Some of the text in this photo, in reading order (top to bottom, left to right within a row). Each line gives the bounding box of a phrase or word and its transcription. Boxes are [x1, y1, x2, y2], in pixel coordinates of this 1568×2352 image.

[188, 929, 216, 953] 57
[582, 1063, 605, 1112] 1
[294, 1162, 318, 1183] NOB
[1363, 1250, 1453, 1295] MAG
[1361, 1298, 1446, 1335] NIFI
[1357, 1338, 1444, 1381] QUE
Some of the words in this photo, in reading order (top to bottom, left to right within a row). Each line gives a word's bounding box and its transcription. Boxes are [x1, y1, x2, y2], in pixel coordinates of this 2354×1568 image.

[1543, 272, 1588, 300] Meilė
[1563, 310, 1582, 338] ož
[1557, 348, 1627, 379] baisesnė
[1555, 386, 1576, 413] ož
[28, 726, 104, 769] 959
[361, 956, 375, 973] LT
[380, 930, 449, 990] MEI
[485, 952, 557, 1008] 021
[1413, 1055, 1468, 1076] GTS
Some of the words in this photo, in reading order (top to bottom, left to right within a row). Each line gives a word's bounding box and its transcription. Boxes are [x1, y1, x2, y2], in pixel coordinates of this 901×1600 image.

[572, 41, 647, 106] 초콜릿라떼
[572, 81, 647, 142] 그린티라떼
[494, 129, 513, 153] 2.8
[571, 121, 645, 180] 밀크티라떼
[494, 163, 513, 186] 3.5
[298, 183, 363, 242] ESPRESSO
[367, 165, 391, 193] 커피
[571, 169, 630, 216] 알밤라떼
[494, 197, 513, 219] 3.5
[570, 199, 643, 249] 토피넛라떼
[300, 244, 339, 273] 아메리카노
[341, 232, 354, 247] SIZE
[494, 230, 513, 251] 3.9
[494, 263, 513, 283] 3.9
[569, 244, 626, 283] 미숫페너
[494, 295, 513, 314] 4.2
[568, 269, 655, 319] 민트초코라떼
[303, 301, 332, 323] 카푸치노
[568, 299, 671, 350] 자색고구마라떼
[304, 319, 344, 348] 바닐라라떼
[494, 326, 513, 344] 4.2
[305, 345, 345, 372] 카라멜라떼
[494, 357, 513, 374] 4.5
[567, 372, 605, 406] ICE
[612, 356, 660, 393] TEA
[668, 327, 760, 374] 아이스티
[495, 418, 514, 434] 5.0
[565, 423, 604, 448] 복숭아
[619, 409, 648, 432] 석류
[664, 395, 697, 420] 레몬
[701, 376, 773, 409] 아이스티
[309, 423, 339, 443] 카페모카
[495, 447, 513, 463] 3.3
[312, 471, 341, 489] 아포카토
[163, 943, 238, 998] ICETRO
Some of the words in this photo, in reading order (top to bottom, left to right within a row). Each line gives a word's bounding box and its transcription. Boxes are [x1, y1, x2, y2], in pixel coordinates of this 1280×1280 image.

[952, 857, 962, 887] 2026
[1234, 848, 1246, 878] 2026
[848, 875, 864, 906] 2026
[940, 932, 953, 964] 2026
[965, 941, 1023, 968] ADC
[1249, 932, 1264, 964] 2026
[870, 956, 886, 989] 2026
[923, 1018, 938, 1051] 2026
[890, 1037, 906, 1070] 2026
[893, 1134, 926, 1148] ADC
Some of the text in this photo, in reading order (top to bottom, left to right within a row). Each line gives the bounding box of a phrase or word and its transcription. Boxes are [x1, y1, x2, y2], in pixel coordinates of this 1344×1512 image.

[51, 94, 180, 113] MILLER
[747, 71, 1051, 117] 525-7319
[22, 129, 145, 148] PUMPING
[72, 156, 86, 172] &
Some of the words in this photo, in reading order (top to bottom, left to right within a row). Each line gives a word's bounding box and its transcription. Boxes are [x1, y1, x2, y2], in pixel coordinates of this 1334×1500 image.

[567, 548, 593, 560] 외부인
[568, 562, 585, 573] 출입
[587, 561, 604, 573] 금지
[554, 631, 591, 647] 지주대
○ ○ ○ ○ ○
• [Work task] Quote the listing in full, please, keeping every line exact.

• [Solution to the problem]
Some of the text in this photo, in reading order (top to bottom, left to right within a row). Each line gives the bounding box of a phrase or word and its transcription. Boxes are [x1, y1, x2, y2], in pixel coordinates of this 1568×2352 image.

[188, 929, 216, 953] 57
[582, 1063, 605, 1112] 1
[294, 1162, 318, 1183] NOB
[1363, 1250, 1453, 1295] MAG
[1361, 1298, 1446, 1335] NIFI
[1357, 1338, 1444, 1381] QUE
Some of the words in this photo, in reading order (top to bottom, left to right within a row). Each line gives a word's bounding box and its transcription. Boxes are [x1, y1, x2, y2], in pixel coordinates of this 2354×1568 image.

[1543, 272, 1588, 300] Meilė
[1563, 310, 1582, 338] ož
[1557, 348, 1627, 379] baisesnė
[1555, 386, 1576, 413] ož
[28, 726, 104, 769] 959
[361, 956, 375, 973] LT
[380, 930, 449, 990] MEI
[485, 952, 557, 1008] 021
[1413, 1055, 1468, 1076] GTS
Some of the words in this photo, in reading order (top to bottom, left to right within a row). Each line gives a word's bounding box and its transcription. Boxes are [x1, y1, x2, y2], in pixel coordinates of this 901×1600 image.

[572, 41, 647, 106] 초콜릿라떼
[572, 81, 647, 142] 그린티라떼
[494, 129, 513, 153] 2.8
[571, 121, 645, 180] 밀크티라떼
[494, 163, 513, 186] 3.5
[298, 183, 363, 242] ESPRESSO
[367, 165, 391, 193] 커피
[571, 169, 630, 216] 알밤라떼
[494, 197, 513, 219] 3.5
[570, 199, 643, 249] 토피넛라떼
[300, 244, 339, 273] 아메리카노
[341, 232, 354, 247] SIZE
[494, 230, 513, 251] 3.9
[494, 263, 513, 283] 3.9
[569, 244, 626, 283] 미숫페너
[494, 295, 513, 314] 4.2
[568, 269, 655, 319] 민트초코라떼
[303, 301, 332, 323] 카푸치노
[568, 299, 671, 350] 자색고구마라떼
[304, 319, 344, 348] 바닐라라떼
[494, 326, 513, 344] 4.2
[305, 345, 345, 372] 카라멜라떼
[494, 357, 513, 374] 4.5
[567, 372, 605, 406] ICE
[612, 356, 660, 393] TEA
[668, 327, 760, 374] 아이스티
[495, 418, 514, 434] 5.0
[565, 423, 604, 448] 복숭아
[619, 409, 648, 432] 석류
[664, 395, 697, 420] 레몬
[701, 376, 773, 409] 아이스티
[309, 423, 339, 443] 카페모카
[495, 447, 513, 463] 3.3
[312, 471, 341, 489] 아포카토
[163, 943, 238, 998] ICETRO
Some of the words in this photo, in reading order (top to bottom, left to right within a row). Each line gives a word's bounding box and its transcription. Boxes are [x1, y1, x2, y2], in pixel coordinates of this 1280×1280 image.

[952, 857, 962, 887] 2026
[1234, 848, 1246, 878] 2026
[848, 875, 864, 906] 2026
[940, 932, 953, 964] 2026
[965, 941, 1023, 968] ADC
[1249, 932, 1264, 964] 2026
[870, 956, 886, 989] 2026
[923, 1018, 938, 1051] 2026
[890, 1037, 906, 1070] 2026
[893, 1134, 926, 1148] ADC
Some of the text in this photo, in reading order (top to bottom, left to right within a row). Each line gives the bounding box of a phrase or word and its transcription. Boxes are [x1, y1, x2, y2], in pixel coordinates of this 1344×1512 image.

[51, 94, 180, 113] MILLER
[747, 71, 1051, 117] 525-7319
[22, 129, 145, 148] PUMPING
[72, 156, 86, 172] &
Some of the words in this photo, in reading order (top to bottom, left to right within a row). Each line gives a word's bounding box and its transcription. Boxes are [x1, y1, x2, y2], in pixel coordinates of this 1334×1500 image.

[567, 548, 593, 560] 외부인
[568, 562, 585, 573] 출입
[587, 561, 604, 573] 금지
[554, 631, 591, 647] 지주대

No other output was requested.